Gentin, Reyna Marder. My Name is Layla
January 19th 2021 by TouchPoint Press
ARC provided by the publisher

Layla (called 'munk by her family) is having a hard time of it in middle school. Not only does her family struggle financially because her father left when she was a baby and her mother works long hours as a nurse, but school is difficult for her. Older brother Nick is a big supported, but she rarely sees her harried mother, who is very negative about the absent father, Jeff. Layla has a good friend in Liza, as well as a budding romance with Sammy, who lives across the street with his supportive family. Layla's new English teacher, Mr. McCarthy, is progressive in his methods if not in his choice of reading materials (The Outsiders, The Scarlet Letter, Number the Stars, The Perks of Being a Wallflower), and tries very hard to support Layla's writing. Sammy asks her to the dance, and Layla's father moves back to town, so things seem to be looking up. However, (highlight for spoilers): her grades are not great, and when her mother is scheduled for conferences, it seems like a good idea to try to burn her papers in her locker with a lighter she took from Nick. The fire spreads to other lockers, and causes a lot of damage. Liza is angry, but tries to help Layla figure out what to do. Layla invites Jeff for Thanksgiving dinner, but her mother is still so angry that he doesn't stay, and even moves out of town. Layla comes clean about the fire and has to pay damages, although isn't charged. She eventually gets help, and is able to move forward with a few more tools to help with her dyslexia. 
Strengths: This is a short, focused book that deals with a problem that many young readers might have. Layla's struggles in school are all to prevalent, and it's good to see a teacher identify her problems, arrange for testing, and to see a learning plan put in place.
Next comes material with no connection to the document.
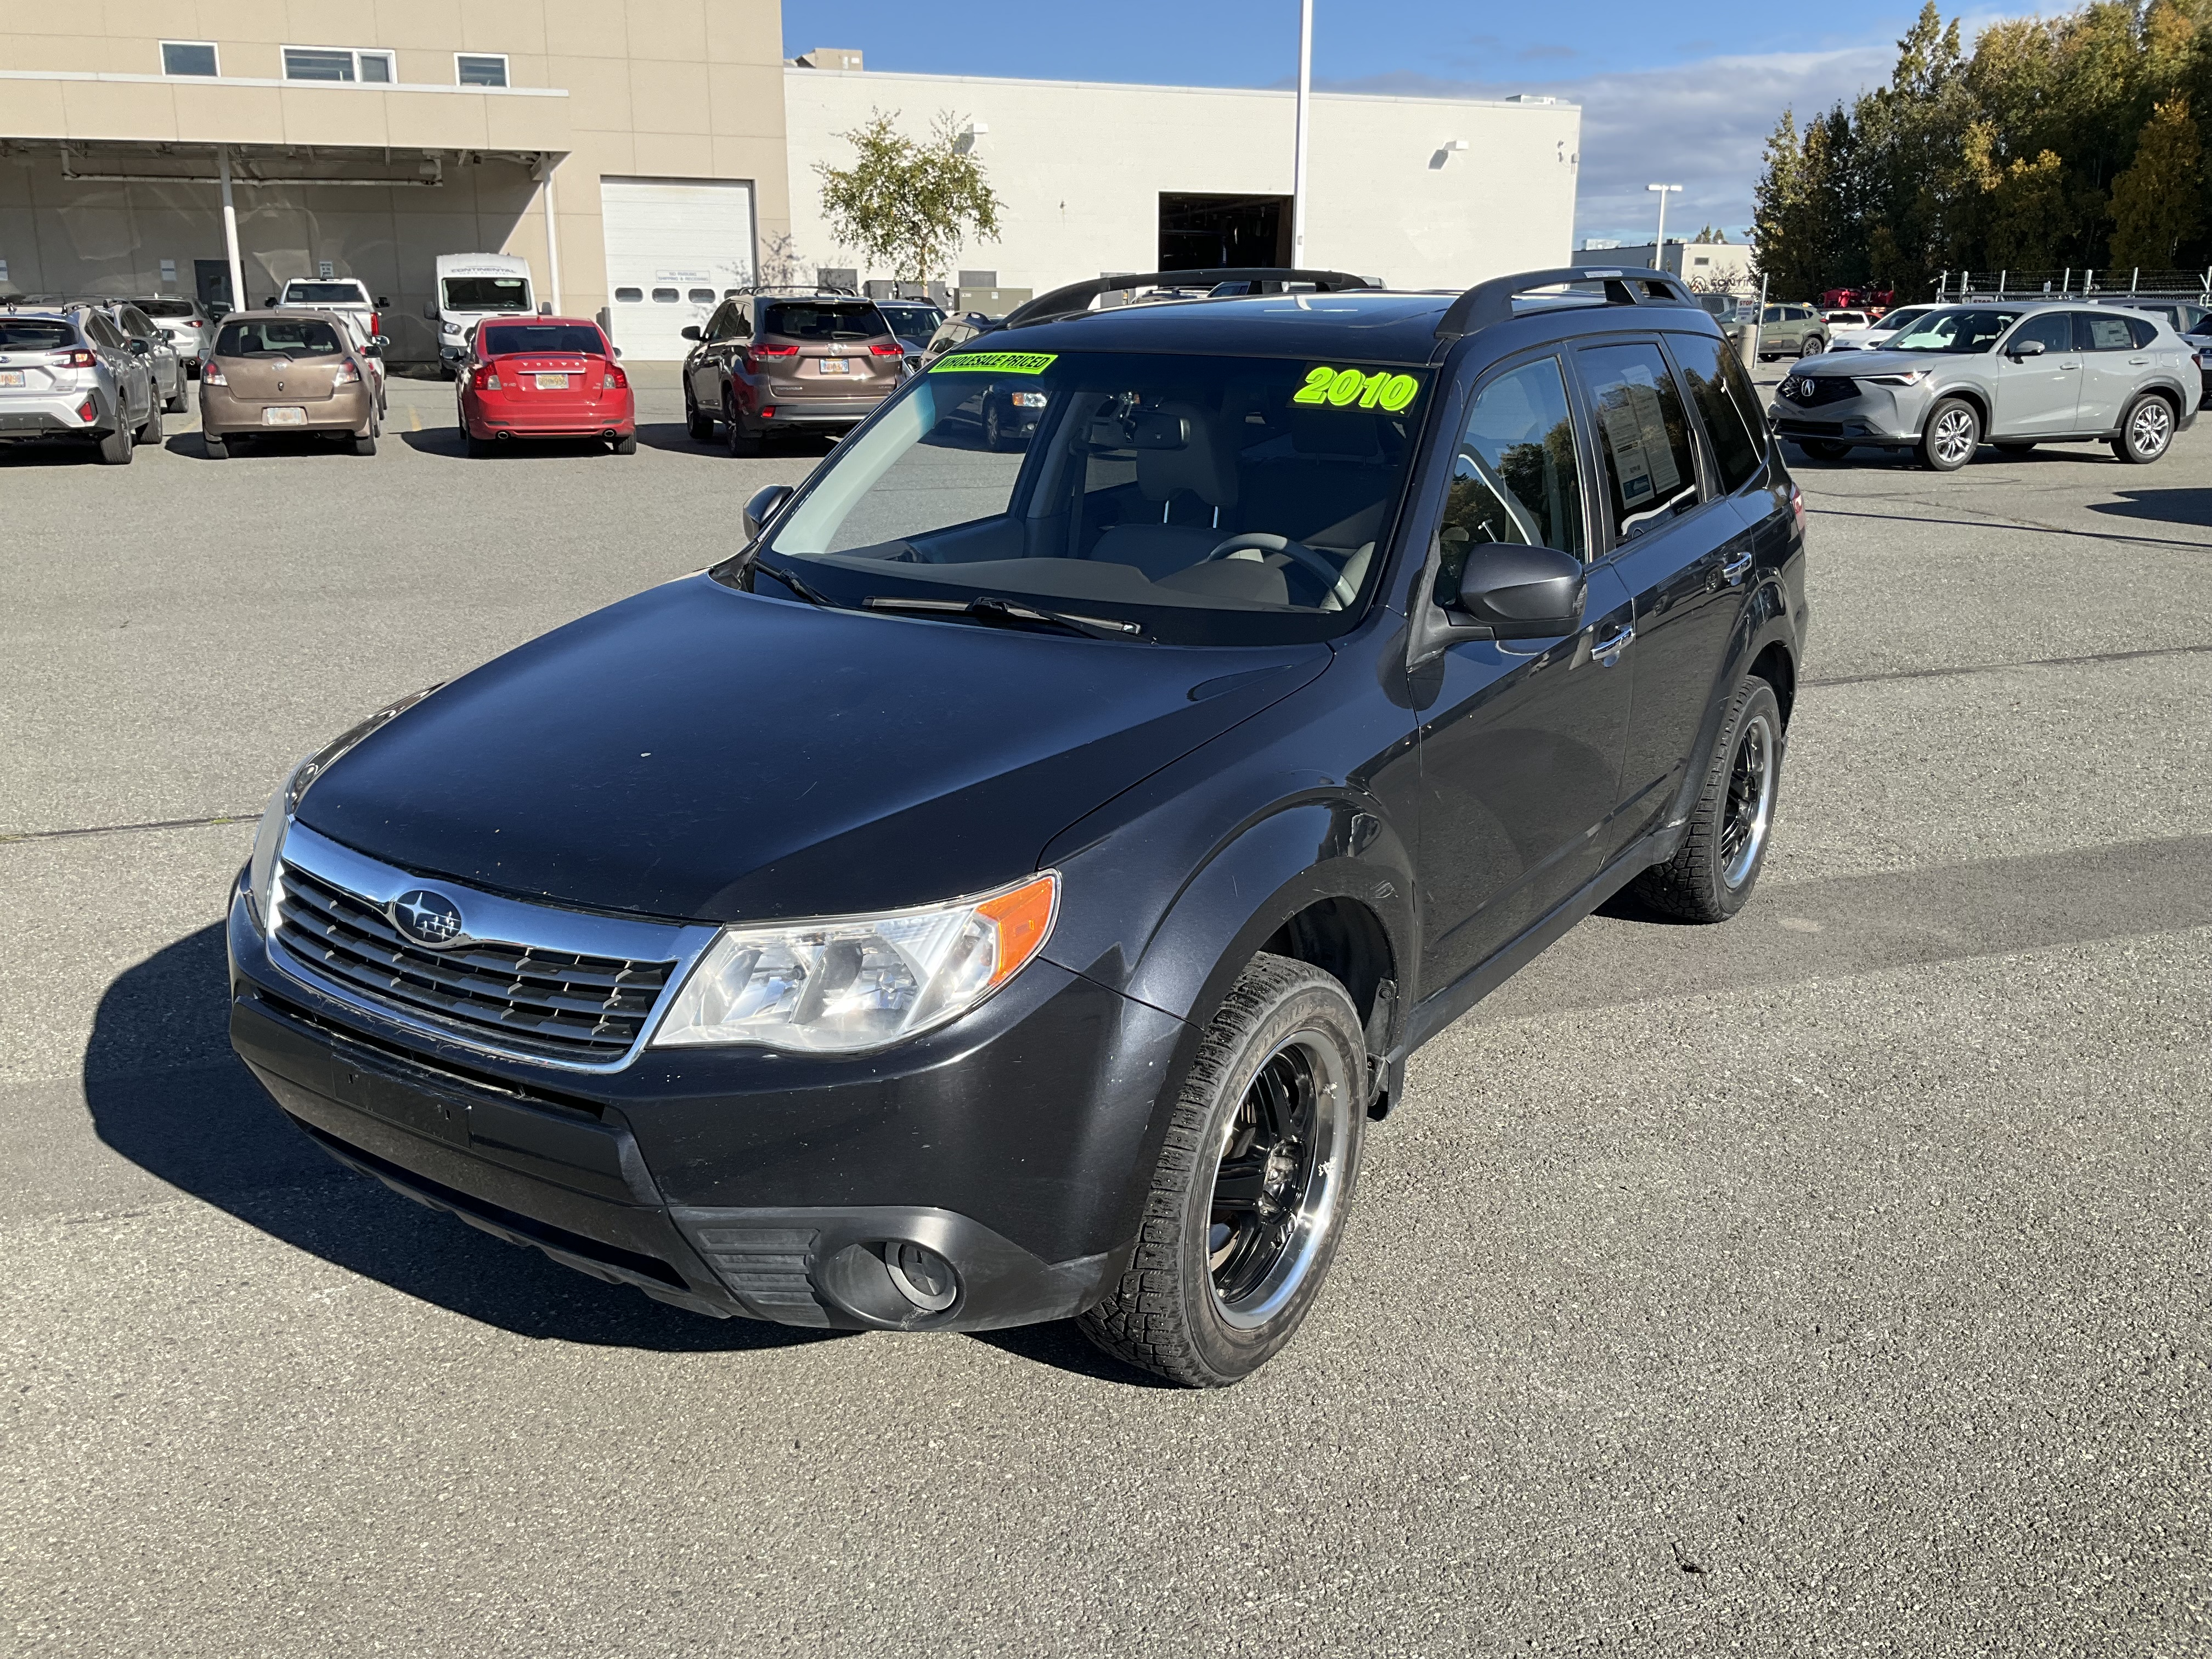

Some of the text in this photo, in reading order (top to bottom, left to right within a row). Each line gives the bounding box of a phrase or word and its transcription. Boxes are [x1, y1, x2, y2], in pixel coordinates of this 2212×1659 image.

[935, 355, 1052, 370] WHOLESALE PRICED
[1293, 366, 1418, 411] 2010
The fact that Sammy is dealing with executive functioning disorder was good as well: that's a diagnosis that we are seeing more and more. The struggles with Liza, with a mother who must work very hard, and with an older brother who has his own issues are all realistic and well portrayed. I also appreciated that the school took into account Layla intent in the fire issue; most schools are reasonable about things like this, although most books portray administration as being simply "zero tolerance". 
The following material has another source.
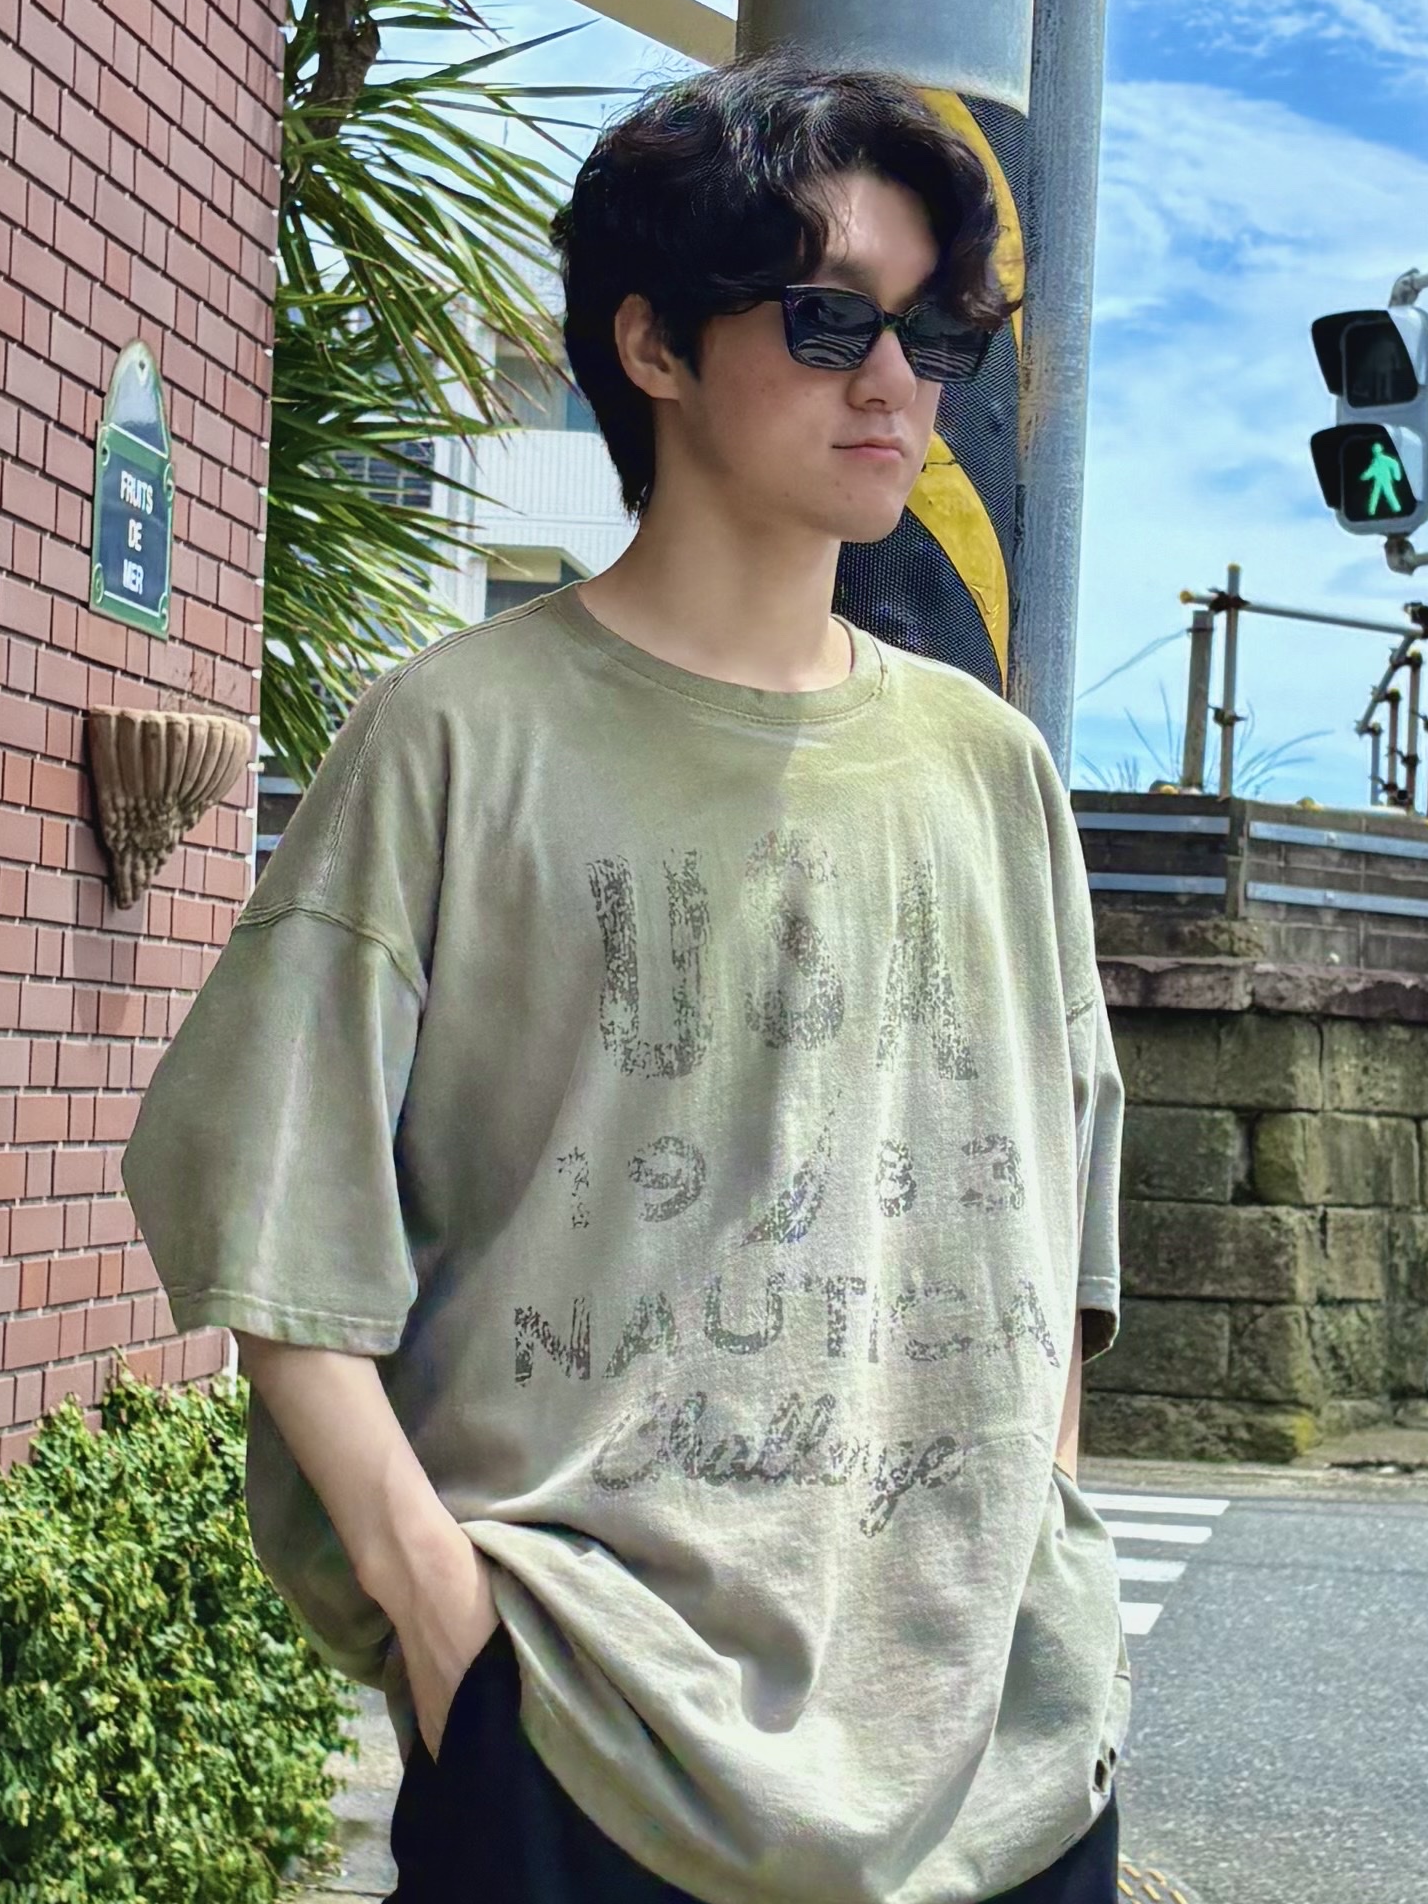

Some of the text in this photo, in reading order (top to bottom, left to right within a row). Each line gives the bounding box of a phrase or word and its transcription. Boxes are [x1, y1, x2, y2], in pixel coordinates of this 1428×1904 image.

Weaknesses: This has a bit of an After School Special vibe to it, but younger readers won't pick up on that. Even the cover seems to hark back to the 1980s. The fact that the father has been completely out of touch for so long seemed odd.
What I really think: We need more titles like Gerber's Focused that discuss some of the learning challenges that children face, and it's also good to see more books with characters struggling with financial hardships.